Das divergências no foro criminal, assim como na doutrina e práticas sociais, tão visíveis e tão palpáveis inclusive nos dias de hoje, tratei exaustivamente em outros textos e trabalhos acadêmicos. Lembro-as agora tão somente a título de ilustração genérica do que acabo de afirmar. Para que servem, afinal, as técnicas hermenêuticas se ninguém se entende na hora de aplicá-las?

Ora, toda teoria jurídica, por ser teoria, começa dogmática e arbitrariamente de si mesma. Trata-se de questão prévia, de cunho racional e filosófico, que independe para aceitação do ideário político de quem quer que seja. A lógica, na sua pureza, dispensa os aplausos e resiste, incólume, aos apupos.

Qual a voltagem elétrica "verdadeira": 110 ou 220 volts? A distância entre dois pontos mede-se por metros, braças, pés ou polegadas? E automóvel, no que tange a combustível, exige sempre e necessariamente gasolina? A importância prática da língua inglesa fulmina, como loucura auditiva, como ilusão de ótica, as palavras e sons da língua portuguesa? Não, evidentemente. Se quisermos simplificar poderemos então perceber, sem muito esforço, uma eventual subjetividade soberana em termos de voltagem (220), sistema de medição (metro), combustível (gasolina) e palavras e sons (português). Uma subjetividade, é claro, mais ou menos compatível com a realidade objetiva de cada coisa, idéia ou produto, em sua individualidade.
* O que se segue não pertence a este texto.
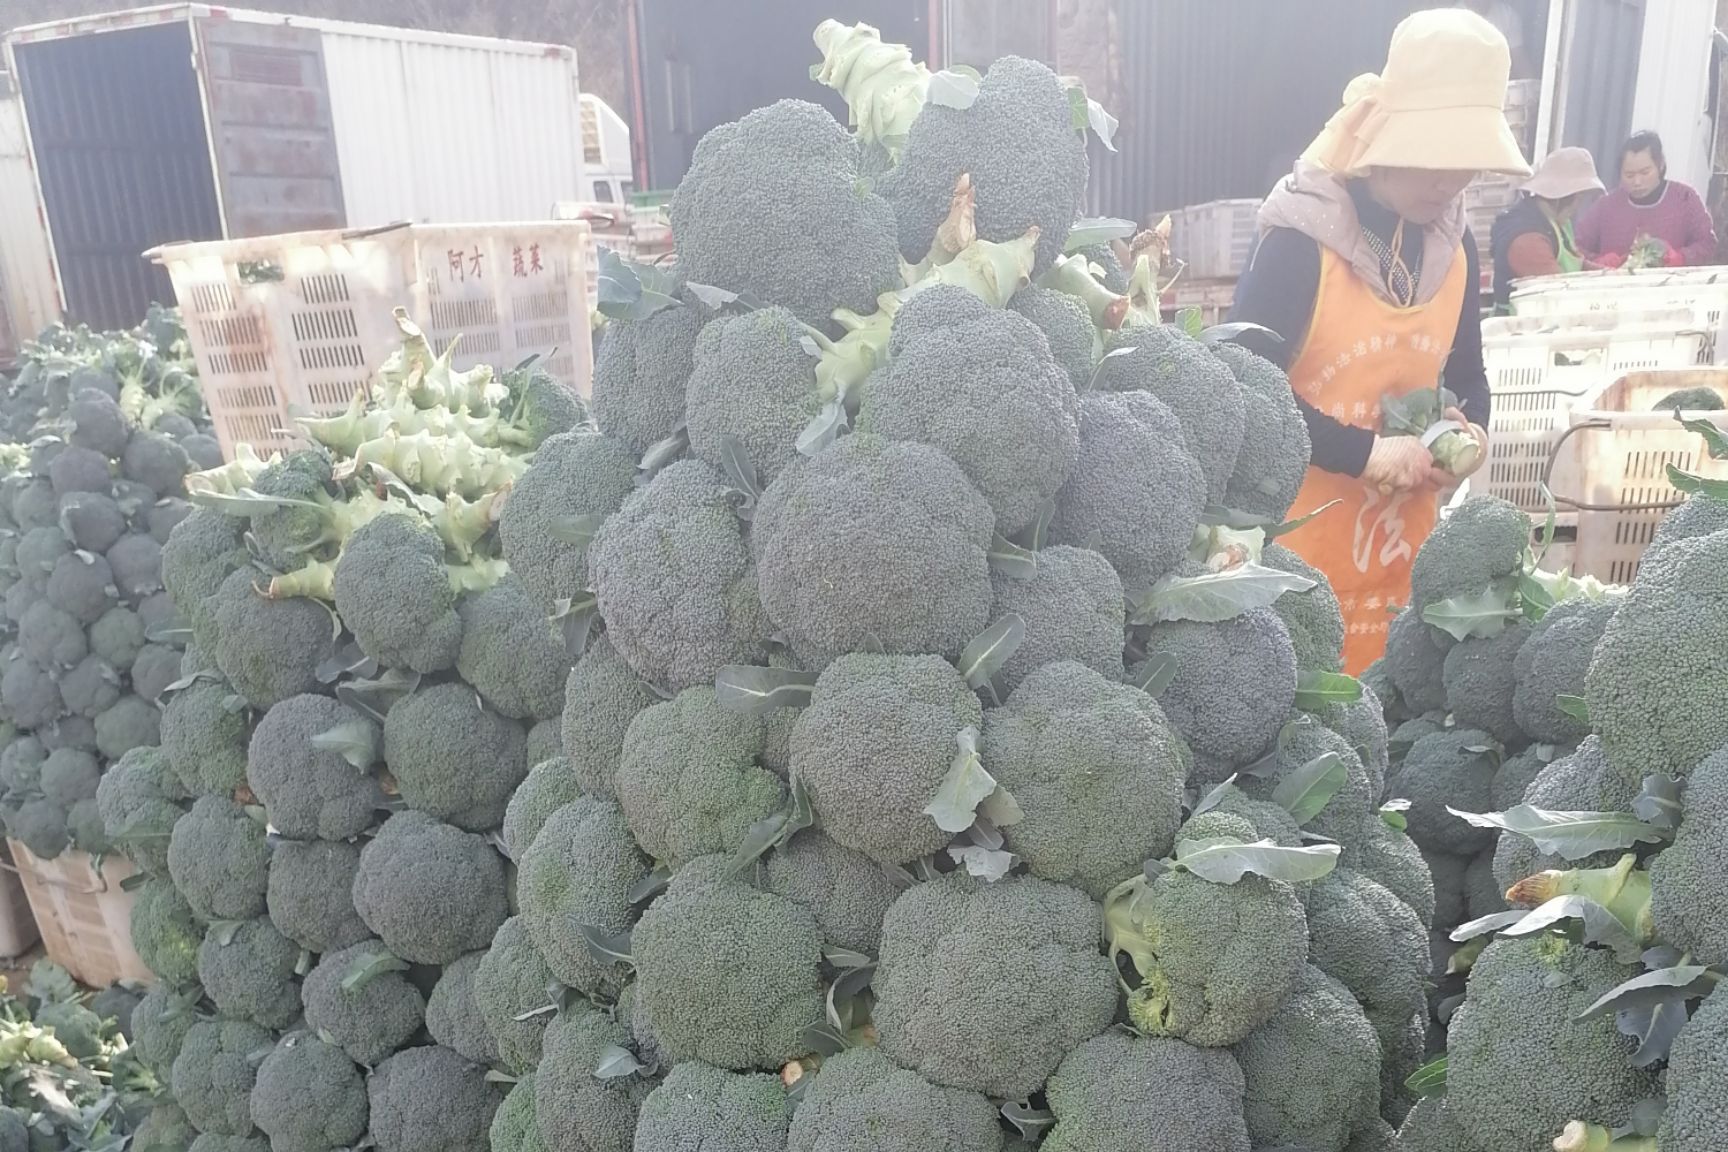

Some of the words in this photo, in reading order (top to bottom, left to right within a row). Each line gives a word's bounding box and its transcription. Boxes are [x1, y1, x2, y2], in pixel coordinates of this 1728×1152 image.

[447, 244, 484, 283] 阿才
[513, 242, 544, 278] 蔬菜
[1353, 486, 1411, 573] 法
Mas a premissa, o ponto de partida, como nas regras de qualquer jogo, de qualquer brinquedo, de qualquer esporte, envolve dogmatismo prévio. Alguém, ou um grupo de pessoas, elabora essas regras (sistema). E nada muda, no plano lógico, em havendo receptividade social às diretivas ou instruções. Só que essa receptividade, como prática, já traz consigo uma nova realidade associada a um outro sistema, ou seja, daqueles que se dispõem a executar (práxis) as regras ministradas (teoria). Não é difícil notar, com o passar do tempo e a presença de novos fatos, de novos atores, quer o abandono das normas, relegadas ao ostracismo, quer a intromissão e assimilação de tantas outras, ao sabor das circunstâncias.

Existe lógica semelhante no terreno jurídico. É a lógica dialética, no sentido de inevitável interação entre sujeito e objeto. O direito nos transporta para muitas realidades: voltagens diversificadas, múltiplos sistemas de medição, vários combustíveis, uma infinidade de línguas vivas e mortas. A construção do direito, em seu nascedouro, envolve também um ato de vontade mesmo de quem se faz passar por simples intérprete ou operador de preexistente sistema normativo. Toda a grandeza e tragédia do direito se esconde exatamente na escolha ou imposição fática de uma regra de conduta que se supõe ou se afirma, se for o caso, ditada pelos deuses, pela razão, pelo bom senso, por algum sistema objetivamente normativo.

Ensina Chaïm Perelman: "O que há de especificamente jurídico no raciocínio do juiz não é de modo algum a dedução formalmente correta de uma conclusão a partir de premissas – nisso a dedução em direito nada tem de particular – mas são os raciocínios que conduzem ao estabelecimento dessas premissas no âmbito de um sistema de direito em vigor" (Ética e direito, trad. São Paulo: Martins Fontes, 1996, p. 481).

O importante, na lógica jurídica, não é a coerência dedutiva, exigência mais do que óbvia em qualquer atividade prática em que se pretenda um mínimo de tratamento igualitário (justiça formal). O importante é o mecanismo de acesso à norma geral positivada. Num plano mais ou menos utópico, à norma jurídica justa em si mesma (justiça material).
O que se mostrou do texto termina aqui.